Annotated photo localization data:
------------------------

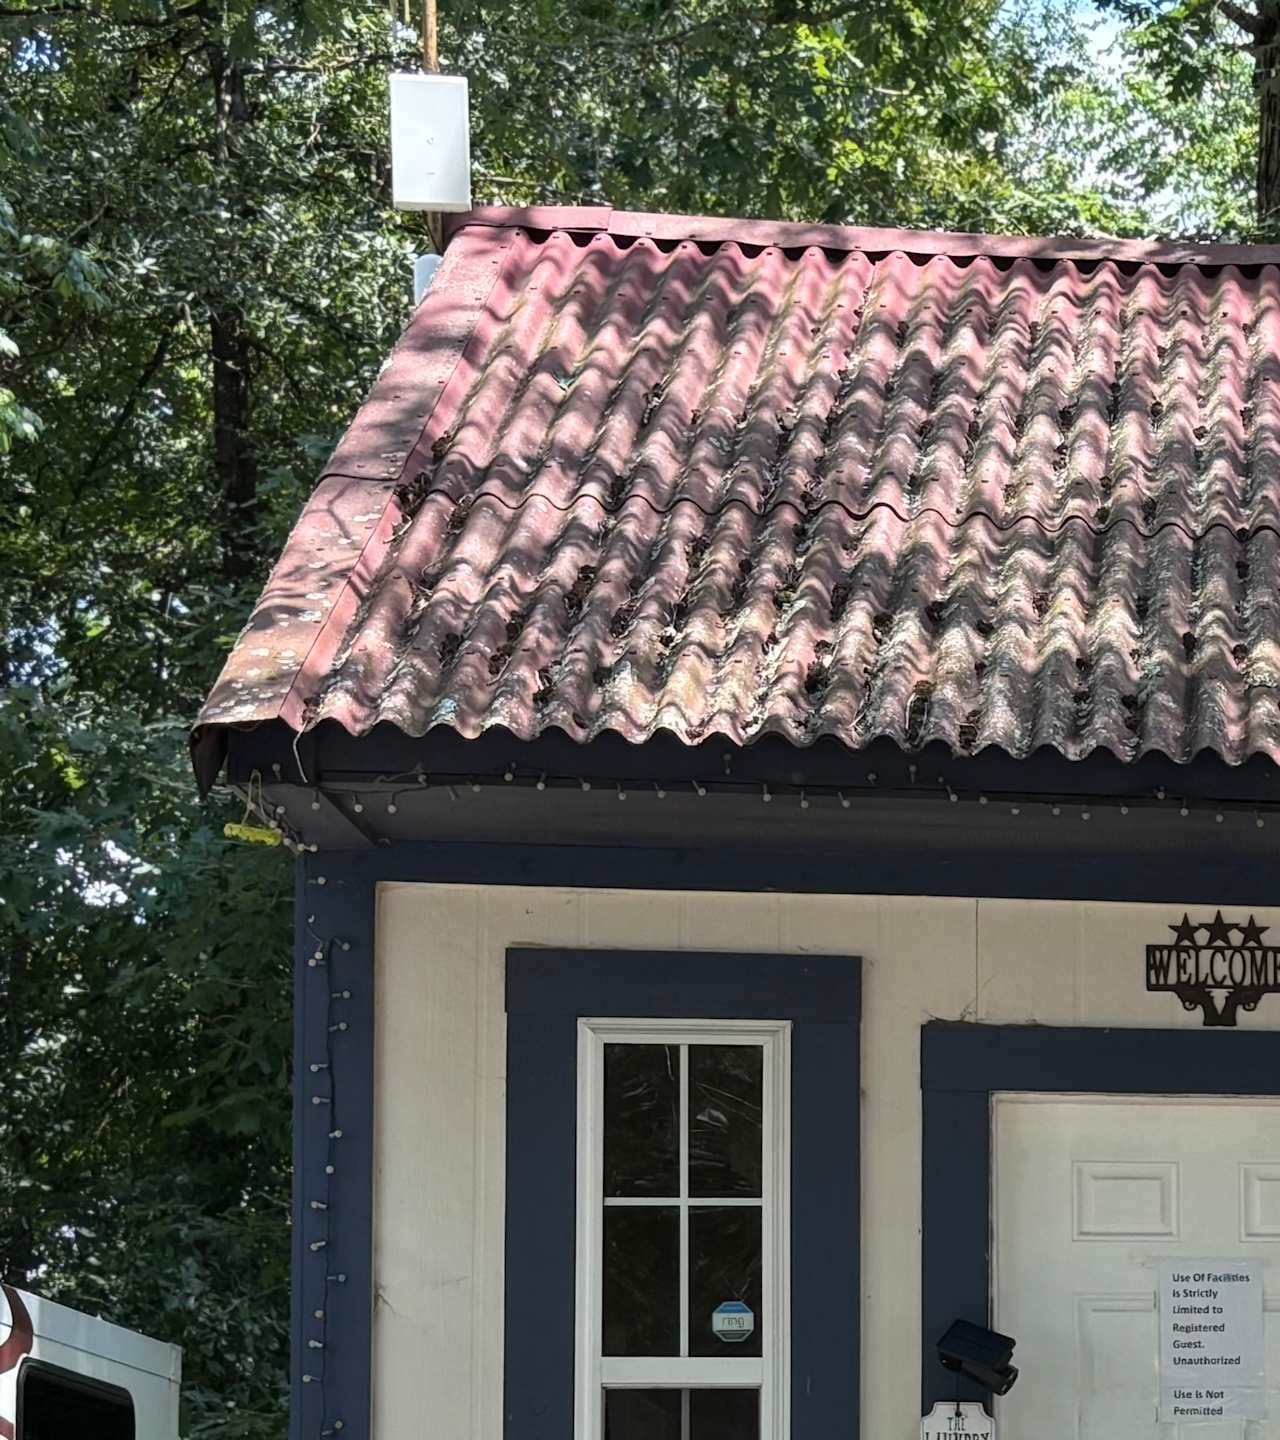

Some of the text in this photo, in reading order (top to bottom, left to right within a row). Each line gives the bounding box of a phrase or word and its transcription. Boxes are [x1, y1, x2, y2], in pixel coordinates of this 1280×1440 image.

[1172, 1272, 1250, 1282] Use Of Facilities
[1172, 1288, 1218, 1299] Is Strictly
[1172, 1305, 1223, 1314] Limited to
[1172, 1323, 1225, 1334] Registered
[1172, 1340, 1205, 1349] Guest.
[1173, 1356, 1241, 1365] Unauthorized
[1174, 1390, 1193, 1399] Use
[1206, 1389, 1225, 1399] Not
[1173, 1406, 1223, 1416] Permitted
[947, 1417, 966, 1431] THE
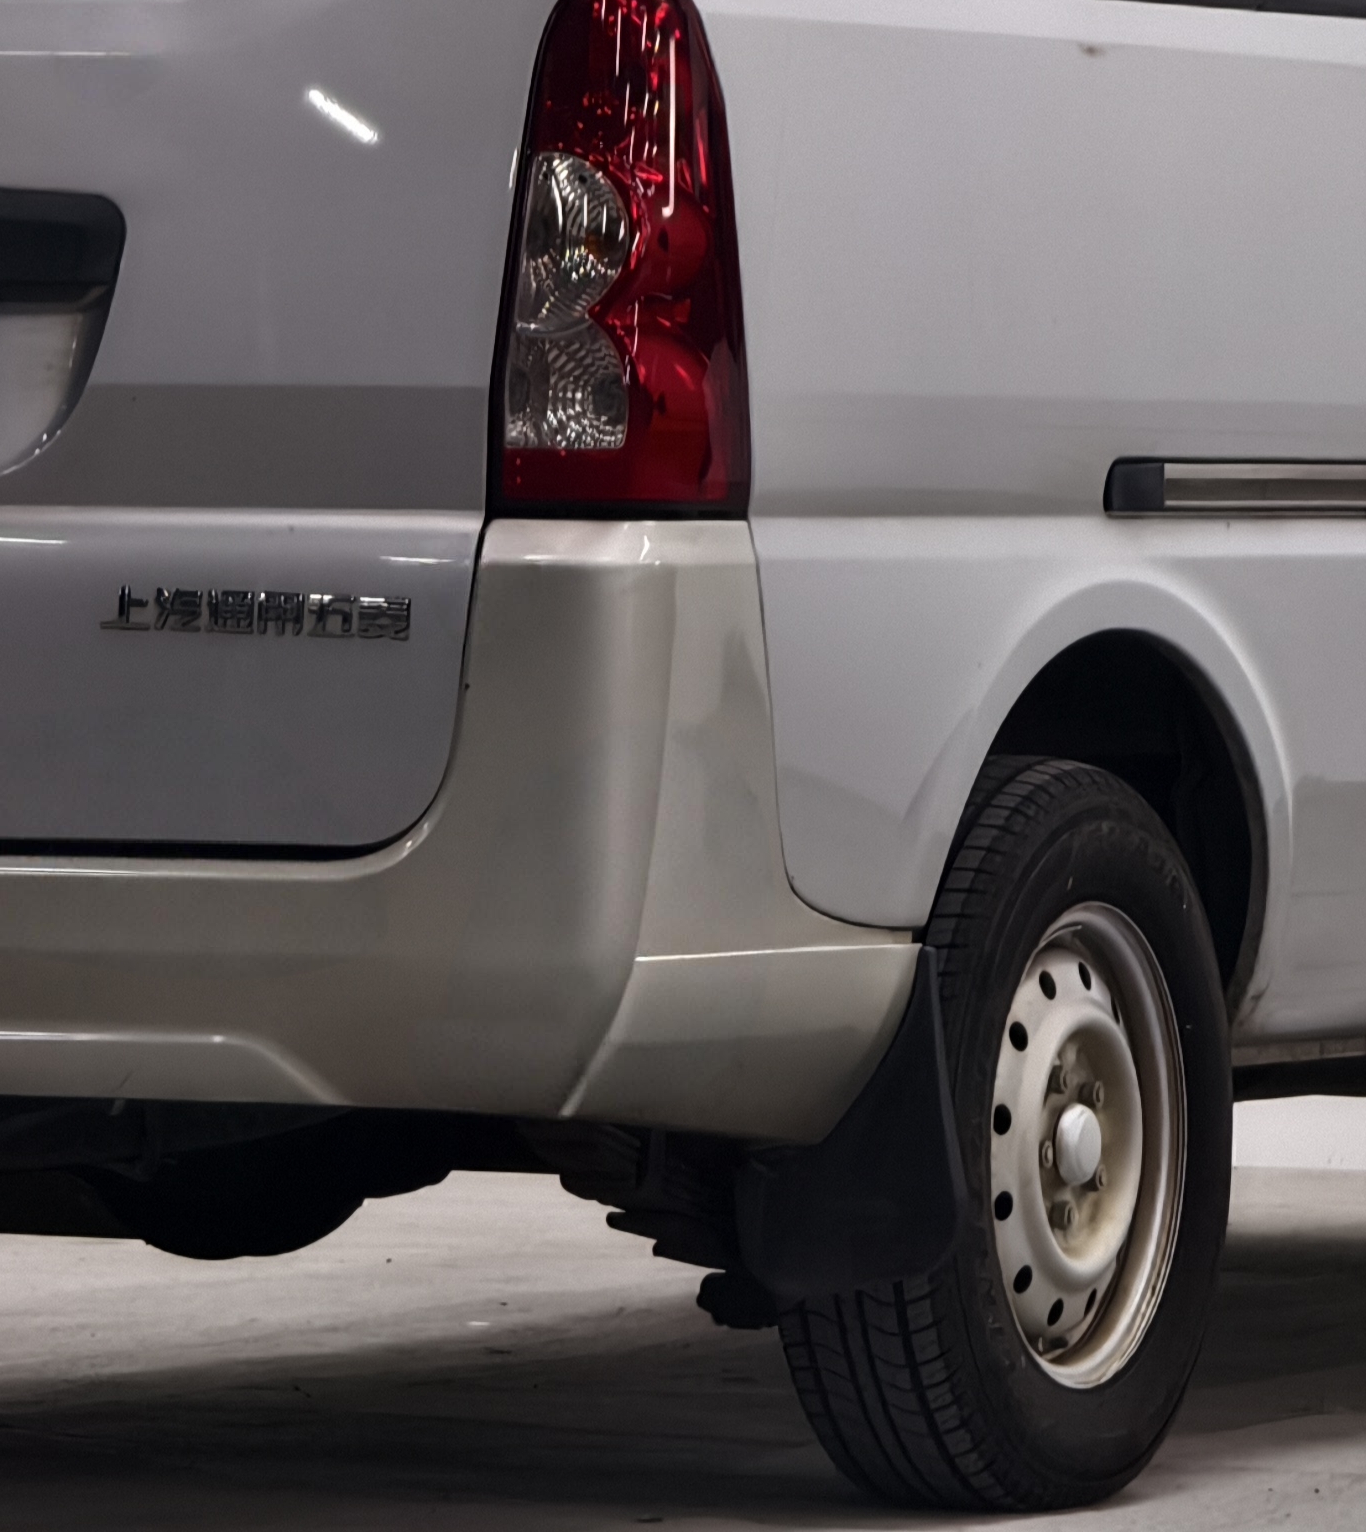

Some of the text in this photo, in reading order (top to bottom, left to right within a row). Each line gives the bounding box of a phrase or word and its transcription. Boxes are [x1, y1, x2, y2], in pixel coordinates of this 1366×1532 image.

------------------------

Work task> Every entry, word for word, should be given again; the pictures are not part of the copy.

Finished task>
Some of the text in this photo, in reading order (top to bottom, left to right within a row). Each line gives the bounding box of a phrase or word and its transcription. Boxes are [x1, y1, x2, y2], in pixel coordinates of this 1280×1440 image.

[1172, 1272, 1250, 1282] Use Of Facilities
[1172, 1288, 1218, 1299] Is Strictly
[1172, 1305, 1223, 1314] Limited to
[1172, 1323, 1225, 1334] Registered
[1172, 1340, 1205, 1349] Guest.
[1173, 1356, 1241, 1365] Unauthorized
[1174, 1390, 1193, 1399] Use
[1206, 1389, 1225, 1399] Not
[1173, 1406, 1223, 1416] Permitted
[947, 1417, 966, 1431] THE

Some of the text in this photo, in reading order (top to bottom, left to right within a row). Each line gives the bounding box of a phrase or word and its transcription. Boxes are [x1, y1, x2, y2], in pixel coordinates of this 1366×1532 image.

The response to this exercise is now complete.